↓

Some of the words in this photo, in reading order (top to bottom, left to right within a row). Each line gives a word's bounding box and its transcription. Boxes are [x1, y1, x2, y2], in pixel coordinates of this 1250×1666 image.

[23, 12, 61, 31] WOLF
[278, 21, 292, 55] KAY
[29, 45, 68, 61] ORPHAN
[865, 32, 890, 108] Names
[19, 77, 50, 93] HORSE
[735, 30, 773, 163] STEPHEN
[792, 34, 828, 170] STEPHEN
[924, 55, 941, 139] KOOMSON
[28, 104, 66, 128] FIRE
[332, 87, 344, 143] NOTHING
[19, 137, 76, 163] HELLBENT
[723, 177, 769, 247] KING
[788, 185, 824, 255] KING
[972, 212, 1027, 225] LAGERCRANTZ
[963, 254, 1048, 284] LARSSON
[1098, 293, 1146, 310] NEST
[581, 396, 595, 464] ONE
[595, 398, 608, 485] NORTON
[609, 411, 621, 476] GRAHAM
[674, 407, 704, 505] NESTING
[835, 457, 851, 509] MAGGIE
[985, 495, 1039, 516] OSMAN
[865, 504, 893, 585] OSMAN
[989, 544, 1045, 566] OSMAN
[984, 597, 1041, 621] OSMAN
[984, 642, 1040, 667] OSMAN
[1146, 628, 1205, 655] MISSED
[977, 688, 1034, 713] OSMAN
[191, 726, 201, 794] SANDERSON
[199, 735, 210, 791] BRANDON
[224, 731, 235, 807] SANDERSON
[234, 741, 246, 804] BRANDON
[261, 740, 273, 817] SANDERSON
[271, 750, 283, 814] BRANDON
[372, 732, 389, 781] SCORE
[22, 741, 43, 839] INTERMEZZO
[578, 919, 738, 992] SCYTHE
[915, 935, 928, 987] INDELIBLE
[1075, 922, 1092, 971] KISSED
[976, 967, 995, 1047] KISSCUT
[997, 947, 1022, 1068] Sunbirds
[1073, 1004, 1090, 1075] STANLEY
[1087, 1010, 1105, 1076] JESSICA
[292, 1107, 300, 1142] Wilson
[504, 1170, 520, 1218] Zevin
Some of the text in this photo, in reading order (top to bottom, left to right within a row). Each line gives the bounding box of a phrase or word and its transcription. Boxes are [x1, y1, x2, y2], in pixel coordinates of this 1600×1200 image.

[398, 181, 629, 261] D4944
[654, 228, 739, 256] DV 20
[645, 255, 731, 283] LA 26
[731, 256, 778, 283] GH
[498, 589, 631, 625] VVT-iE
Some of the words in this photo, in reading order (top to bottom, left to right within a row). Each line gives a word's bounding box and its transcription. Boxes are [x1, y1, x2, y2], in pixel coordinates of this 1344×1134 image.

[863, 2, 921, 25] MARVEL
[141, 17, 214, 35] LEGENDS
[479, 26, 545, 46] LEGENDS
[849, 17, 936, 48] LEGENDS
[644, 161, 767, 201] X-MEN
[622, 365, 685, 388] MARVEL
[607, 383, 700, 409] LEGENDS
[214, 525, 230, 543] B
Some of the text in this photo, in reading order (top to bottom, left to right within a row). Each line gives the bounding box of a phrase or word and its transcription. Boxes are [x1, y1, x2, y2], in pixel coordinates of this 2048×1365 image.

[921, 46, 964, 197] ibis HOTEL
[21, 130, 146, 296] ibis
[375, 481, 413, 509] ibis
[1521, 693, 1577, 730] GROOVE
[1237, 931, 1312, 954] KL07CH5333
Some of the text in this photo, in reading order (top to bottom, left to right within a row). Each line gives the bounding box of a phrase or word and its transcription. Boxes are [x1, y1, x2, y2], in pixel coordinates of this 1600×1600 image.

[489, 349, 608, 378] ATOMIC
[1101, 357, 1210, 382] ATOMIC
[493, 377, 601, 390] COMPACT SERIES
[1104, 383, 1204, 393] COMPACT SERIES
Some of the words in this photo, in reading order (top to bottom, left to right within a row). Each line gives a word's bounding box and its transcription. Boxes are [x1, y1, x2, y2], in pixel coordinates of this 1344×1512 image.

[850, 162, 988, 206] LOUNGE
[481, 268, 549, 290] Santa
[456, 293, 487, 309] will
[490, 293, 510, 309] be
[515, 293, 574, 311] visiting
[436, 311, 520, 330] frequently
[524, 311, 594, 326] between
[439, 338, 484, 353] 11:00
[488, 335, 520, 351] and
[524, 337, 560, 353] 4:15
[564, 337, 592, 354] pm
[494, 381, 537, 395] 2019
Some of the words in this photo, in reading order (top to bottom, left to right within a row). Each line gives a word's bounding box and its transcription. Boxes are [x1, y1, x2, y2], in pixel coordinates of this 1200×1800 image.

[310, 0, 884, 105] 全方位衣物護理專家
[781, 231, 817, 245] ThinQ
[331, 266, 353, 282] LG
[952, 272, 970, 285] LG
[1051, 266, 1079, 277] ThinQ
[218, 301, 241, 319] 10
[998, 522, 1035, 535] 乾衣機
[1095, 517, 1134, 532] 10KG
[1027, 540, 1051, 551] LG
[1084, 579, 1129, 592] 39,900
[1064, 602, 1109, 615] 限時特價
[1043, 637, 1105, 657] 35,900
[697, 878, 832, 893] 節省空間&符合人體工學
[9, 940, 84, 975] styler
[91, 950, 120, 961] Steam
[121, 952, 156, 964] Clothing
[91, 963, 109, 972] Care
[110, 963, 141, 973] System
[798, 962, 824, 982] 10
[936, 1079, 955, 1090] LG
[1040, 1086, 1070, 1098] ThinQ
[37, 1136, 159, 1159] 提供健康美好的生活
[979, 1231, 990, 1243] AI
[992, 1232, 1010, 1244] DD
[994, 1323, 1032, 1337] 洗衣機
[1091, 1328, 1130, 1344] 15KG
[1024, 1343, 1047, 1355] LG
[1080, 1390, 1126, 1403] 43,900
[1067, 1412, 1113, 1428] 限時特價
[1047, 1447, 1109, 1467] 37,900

↑

Required work: In full and without alteration, write out each record.

Solution for this task:
Some of the words in this photo, in reading order (top to bottom, left to right within a row). Each line gives a word's bounding box and its transcription. Boxes are [x1, y1, x2, y2], in pixel coordinates of this 1250×1666 image.

[23, 12, 61, 31] WOLF
[278, 21, 292, 55] KAY
[29, 45, 68, 61] ORPHAN
[865, 32, 890, 108] Names
[19, 77, 50, 93] HORSE
[735, 30, 773, 163] STEPHEN
[792, 34, 828, 170] STEPHEN
[924, 55, 941, 139] KOOMSON
[28, 104, 66, 128] FIRE
[332, 87, 344, 143] NOTHING
[19, 137, 76, 163] HELLBENT
[723, 177, 769, 247] KING
[788, 185, 824, 255] KING
[972, 212, 1027, 225] LAGERCRANTZ
[963, 254, 1048, 284] LARSSON
[1098, 293, 1146, 310] NEST
[581, 396, 595, 464] ONE
[595, 398, 608, 485] NORTON
[609, 411, 621, 476] GRAHAM
[674, 407, 704, 505] NESTING
[835, 457, 851, 509] MAGGIE
[985, 495, 1039, 516] OSMAN
[865, 504, 893, 585] OSMAN
[989, 544, 1045, 566] OSMAN
[984, 597, 1041, 621] OSMAN
[984, 642, 1040, 667] OSMAN
[1146, 628, 1205, 655] MISSED
[977, 688, 1034, 713] OSMAN
[191, 726, 201, 794] SANDERSON
[199, 735, 210, 791] BRANDON
[224, 731, 235, 807] SANDERSON
[234, 741, 246, 804] BRANDON
[261, 740, 273, 817] SANDERSON
[271, 750, 283, 814] BRANDON
[372, 732, 389, 781] SCORE
[22, 741, 43, 839] INTERMEZZO
[578, 919, 738, 992] SCYTHE
[915, 935, 928, 987] INDELIBLE
[1075, 922, 1092, 971] KISSED
[976, 967, 995, 1047] KISSCUT
[997, 947, 1022, 1068] Sunbirds
[1073, 1004, 1090, 1075] STANLEY
[1087, 1010, 1105, 1076] JESSICA
[292, 1107, 300, 1142] Wilson
[504, 1170, 520, 1218] Zevin
Some of the text in this photo, in reading order (top to bottom, left to right within a row). Each line gives the bounding box of a phrase or word and its transcription. Boxes are [x1, y1, x2, y2], in pixel coordinates of this 1600×1200 image.

[398, 181, 629, 261] D4944
[654, 228, 739, 256] DV 20
[645, 255, 731, 283] LA 26
[731, 256, 778, 283] GH
[498, 589, 631, 625] VVT-iE
Some of the words in this photo, in reading order (top to bottom, left to right within a row). Each line gives a word's bounding box and its transcription. Boxes are [x1, y1, x2, y2], in pixel coordinates of this 1344×1134 image.

[863, 2, 921, 25] MARVEL
[141, 17, 214, 35] LEGENDS
[479, 26, 545, 46] LEGENDS
[849, 17, 936, 48] LEGENDS
[644, 161, 767, 201] X-MEN
[622, 365, 685, 388] MARVEL
[607, 383, 700, 409] LEGENDS
[214, 525, 230, 543] B
Some of the text in this photo, in reading order (top to bottom, left to right within a row). Each line gives the bounding box of a phrase or word and its transcription. Boxes are [x1, y1, x2, y2], in pixel coordinates of this 2048×1365 image.

[921, 46, 964, 197] ibis HOTEL
[21, 130, 146, 296] ibis
[375, 481, 413, 509] ibis
[1521, 693, 1577, 730] GROOVE
[1237, 931, 1312, 954] KL07CH5333
Some of the text in this photo, in reading order (top to bottom, left to right within a row). Each line gives the bounding box of a phrase or word and its transcription. Boxes are [x1, y1, x2, y2], in pixel coordinates of this 1600×1600 image.

[489, 349, 608, 378] ATOMIC
[1101, 357, 1210, 382] ATOMIC
[493, 377, 601, 390] COMPACT SERIES
[1104, 383, 1204, 393] COMPACT SERIES
Some of the words in this photo, in reading order (top to bottom, left to right within a row). Each line gives a word's bounding box and its transcription. Boxes are [x1, y1, x2, y2], in pixel coordinates of this 1344×1512 image.

[850, 162, 988, 206] LOUNGE
[481, 268, 549, 290] Santa
[456, 293, 487, 309] will
[490, 293, 510, 309] be
[515, 293, 574, 311] visiting
[436, 311, 520, 330] frequently
[524, 311, 594, 326] between
[439, 338, 484, 353] 11:00
[488, 335, 520, 351] and
[524, 337, 560, 353] 4:15
[564, 337, 592, 354] pm
[494, 381, 537, 395] 2019
Some of the words in this photo, in reading order (top to bottom, left to right within a row). Each line gives a word's bounding box and its transcription. Boxes are [x1, y1, x2, y2], in pixel coordinates of this 1200×1800 image.

[310, 0, 884, 105] 全方位衣物護理專家
[781, 231, 817, 245] ThinQ
[331, 266, 353, 282] LG
[952, 272, 970, 285] LG
[1051, 266, 1079, 277] ThinQ
[218, 301, 241, 319] 10
[998, 522, 1035, 535] 乾衣機
[1095, 517, 1134, 532] 10KG
[1027, 540, 1051, 551] LG
[1084, 579, 1129, 592] 39,900
[1064, 602, 1109, 615] 限時特價
[1043, 637, 1105, 657] 35,900
[697, 878, 832, 893] 節省空間&符合人體工學
[9, 940, 84, 975] styler
[91, 950, 120, 961] Steam
[121, 952, 156, 964] Clothing
[91, 963, 109, 972] Care
[110, 963, 141, 973] System
[798, 962, 824, 982] 10
[936, 1079, 955, 1090] LG
[1040, 1086, 1070, 1098] ThinQ
[37, 1136, 159, 1159] 提供健康美好的生活
[979, 1231, 990, 1243] AI
[992, 1232, 1010, 1244] DD
[994, 1323, 1032, 1337] 洗衣機
[1091, 1328, 1130, 1344] 15KG
[1024, 1343, 1047, 1355] LG
[1080, 1390, 1126, 1403] 43,900
[1067, 1412, 1113, 1428] 限時特價
[1047, 1447, 1109, 1467] 37,900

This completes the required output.